Cognition in the room
felt like sensuous human activity
real sensuous activity as such
and natality’s ornate
quiescence tied to fear’s
superb circumference at
home in the dominant expressive
housekeeping of the street
a composition is set in motion.
Unmotivated by any bodily movement
Marx finds in Lucretius the defiant probability.

The I-speaker
on her silken rupture
spills into history.

 

 

 

Here is Marx’s big dilemma, the reason he goes to Lucretius:
practice arises from conditions
yet these are the conditions we must change.
With a cloth on her upraised right hand
Venus stands on a shell, hair windblown, torso twisted to dance
posture, more fluttering cloth draped over her arm.
As Lucretius writes, Rome is torn by civil strife.
Something of the murky tumult of his times shadows his verses.
In his boyhood began the civil wars.
The Goddess is stepping out of a shell in the midst of the sea.
The stress and turmoil of his times stand in the background.
Lucretius is a man of peace.
He keeps much aloof.
On the left are two winds flying across the waves and propelling
the Goddess towards land.
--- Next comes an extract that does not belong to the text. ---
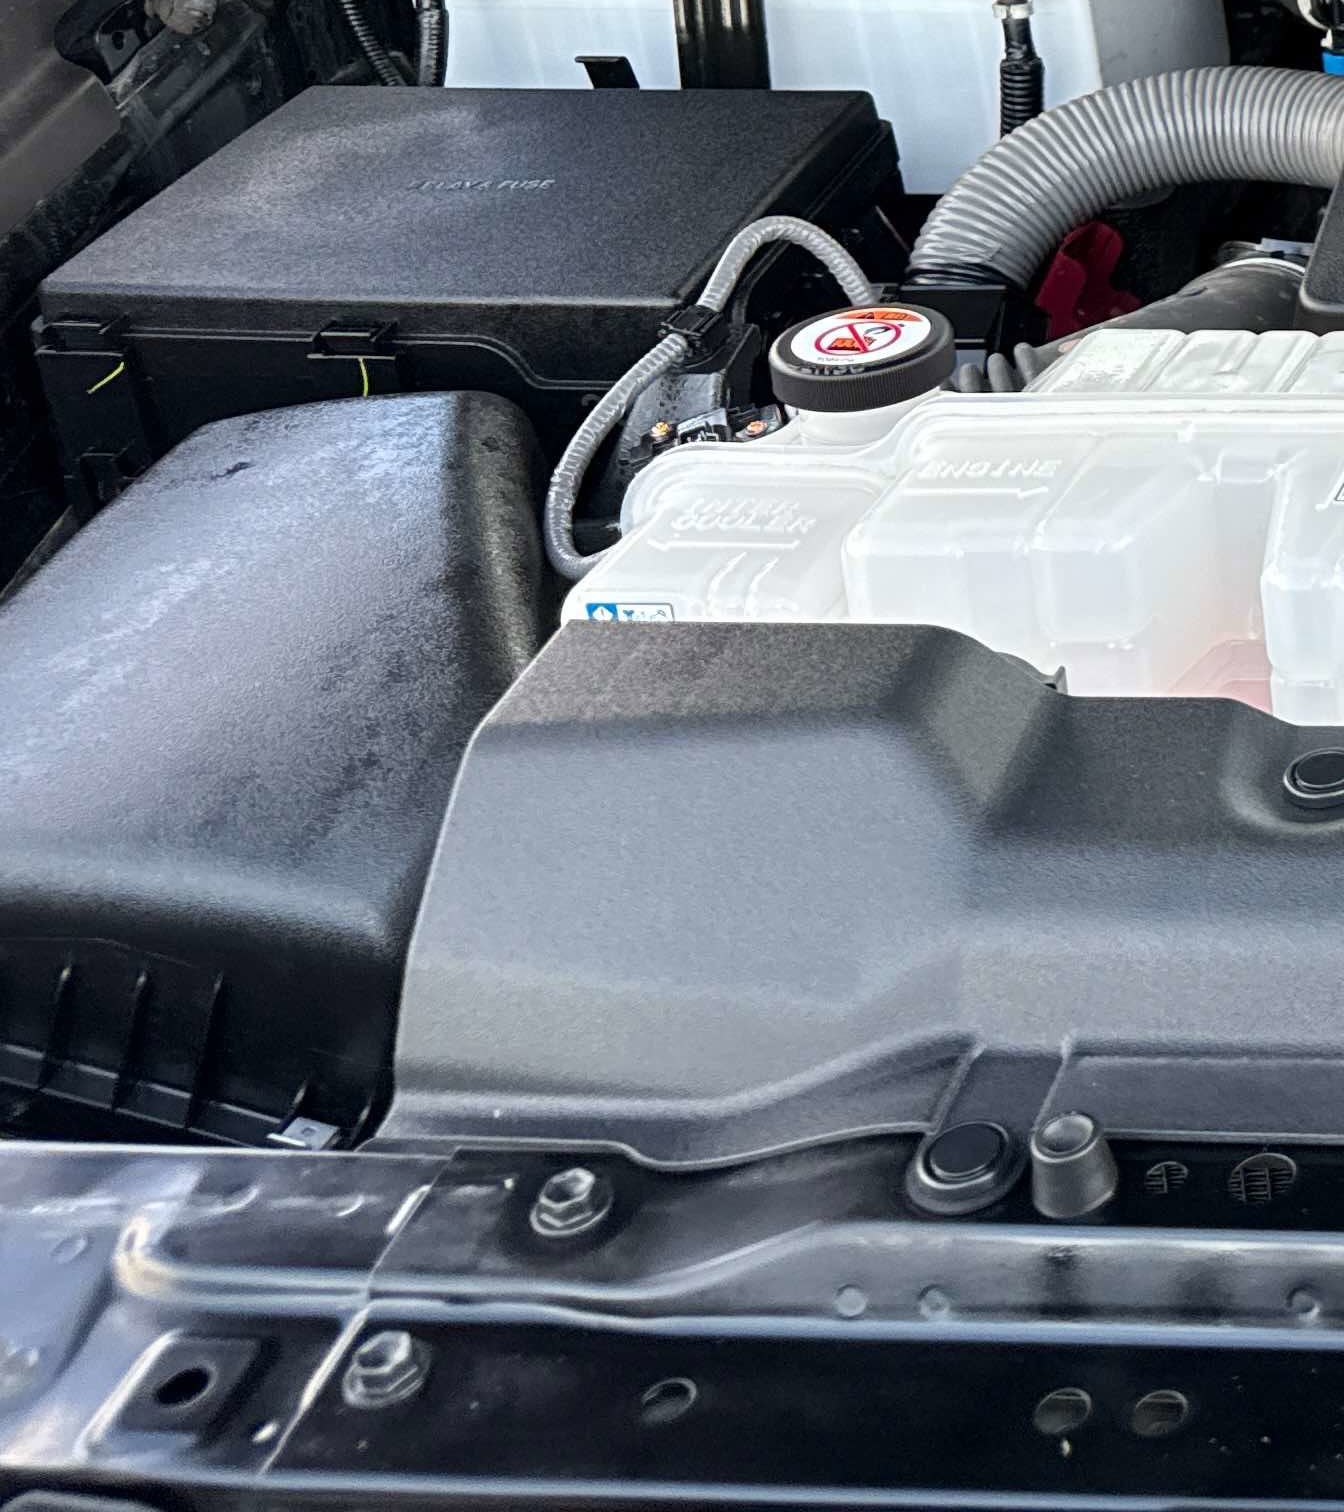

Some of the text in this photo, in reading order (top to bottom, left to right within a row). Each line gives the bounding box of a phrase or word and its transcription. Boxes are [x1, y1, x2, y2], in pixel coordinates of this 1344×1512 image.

[497, 178, 556, 191] FUSE
[916, 458, 1063, 480] ENGINE
[670, 512, 817, 534] COOLER
Life-sized.
The text may have become politically disreputable.

 

 

 

Slow factory
bad pride
Aphrodite had tired
I lie in bed and read Marx
because an obscure object lives in me
so here I renounce my obedience.

This year I am sick of language
cut radiant gentle and frank
little angle of dissolved rhyme
who sires the flagrant exemplum
what if language is the suppression
of vitalist vocal co-movement
by the military-industrial complex?
What if language is the market?

 

 

 

Now their body gestures
now their body conducts
which isn’t changing the body itself
it’s only changing the activity of their body
but it’s also changing the body
like a sensitive shrub with eyes and blood
its act is precious form
otherwise known as rhyme
and it is no good and I continue leaning on trees for rest.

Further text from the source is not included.